Pre-qualify my expectations.
Speak in calm, non-reactive firm tones.
Pre-determine specific consequences that you can follow through on.
Follow through on those consequences
Allow natural consequences to happen and it will do the work for you.
I did dress-rehearsals in my head, visualizing myself dealing with the situation without harsh
Dealing with young kids who can really push your buttons is difficult. It is easy to lose your cool. I found it helpful to think ahead when it came to my reactions. For example: Dinner time. For a long time my kids were just terrible when it came to sitting at any time for a meal at the kitchen table. The poor behavior would start and my warnings and threats would begin, followed by heated emotions, and then the next thing I knew I would be yelling, threatening, losing my cool. The whole experience was re-played over and over, day after day with no improvement.

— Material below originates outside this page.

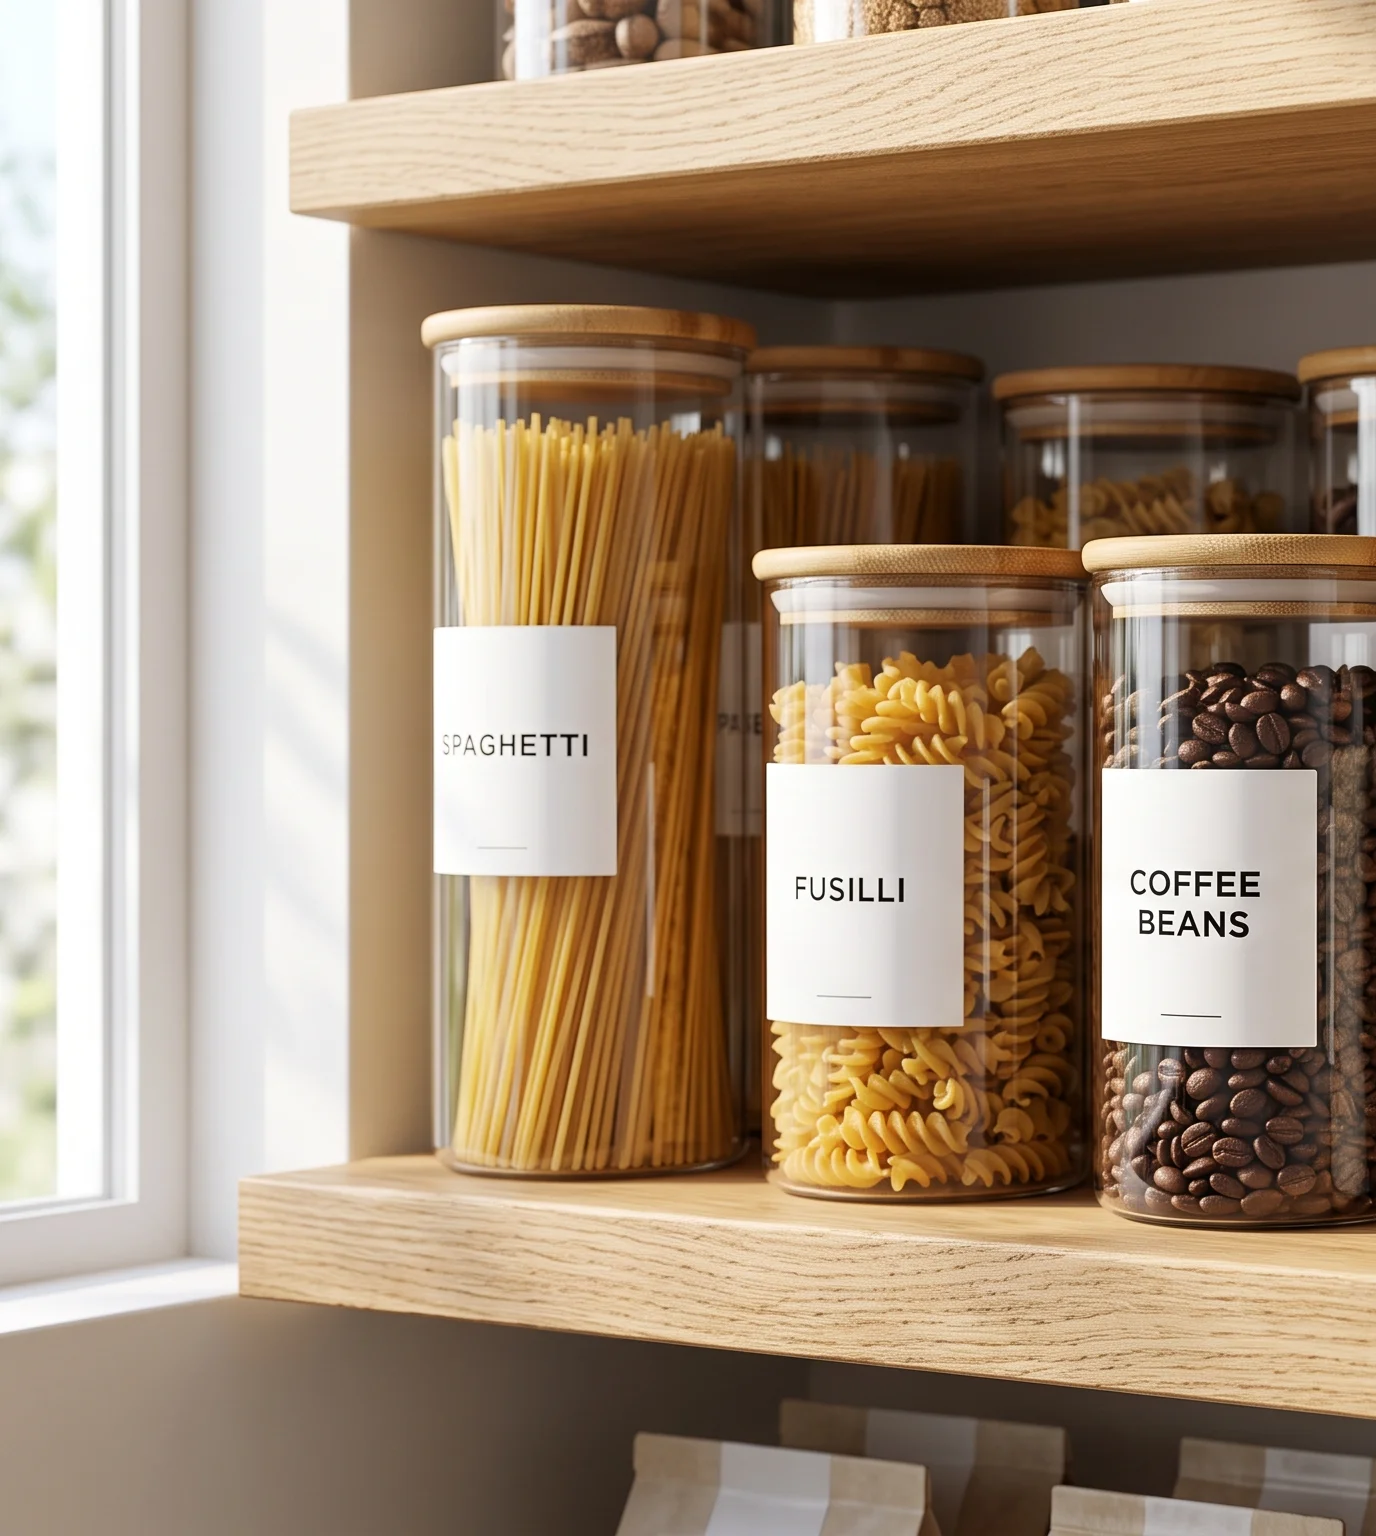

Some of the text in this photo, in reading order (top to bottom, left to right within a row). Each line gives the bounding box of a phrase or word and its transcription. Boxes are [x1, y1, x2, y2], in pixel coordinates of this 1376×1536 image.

WHAT WORKED: First, I learned to always pre-qualify my expectations, and inform my kids what the consequences would be. "Okay guys,we are sitting down for dinner. I expect you to stay seated and eat your meal without goofing around. If you can't do that, you will be excused from the table and...." (some parents send there kids to their room for the duration of dinner, some do a time-out, others forfeit dinner until breakfast time). By pre-qualifying your expectations, you will accomplish two things: It serves as a reminder to the kids. Believe it or not, they really do forget or just don't think about their own reactions. It also takes the negotiating out of the loop. Kids are great negotiators...they will start throwing every excuse in the book at you and hope something sticks and the next thing you know you are losing to a five year old. You have all experienced that. So pre-qualify.
SECOND: I recognized that my kids just did not respond well to yelling or harsh tones. They could not handle it. In fact, it often made the problems worse. So lose the tactics. When I thought ahead about my expectations and consequences, I was better prepared to react in a calm manner. I would instantly go to my "poker face". I also referred to this as my "teacher face". Remember how your teacher could often stop you in your tracks with just a look? That stare? I think GOD instilled in all teachers that special ability. I as a parent had to learn it. With my "teacher face" in place, I would respond in a calm, non-reactive tone. Something like this: "Everett, I explained that if you started flipping your food off your plate, you would be excused and...." No second chances, reminders, no negotiations, no more words..... The end.
Now, at first, your kids are going to try to give you the old royal battle. Stay calm, stay firm. Follow through. Poker face. Overtime it will get easier.
THIRD: Follow through. By thinking ahead, pre-qualifying, and staying calm, your ability to follow through will be easier because you will be better prepared. By being prepared, the consequences that you have already pre-determined are less likely to be "over-kill". In other words, in the heat of the moment you are less likely to threaten a consequence that you and your little one both know are not likely to follow through on. Following through is tough, but is essential to behavior modification. These little munchkins can sniff out hesitation in a New York second....and they will call your bluff. I have to admit, I still drop the ball from time to time, but who doesn't. However, if your averaging a pretty good follow through record, your kids will take you more seriously. I apply my 80/20 rule on this one. Eighty percent follow through seems to be enough to get the job done. The other 20 percent, I probably lost my own cool, did not practice what I know works and probably owe my kids an apology. (I tell myself that I am now teaching the valuable lesson that when we are wrong...it is important to own it and apologize...Ha).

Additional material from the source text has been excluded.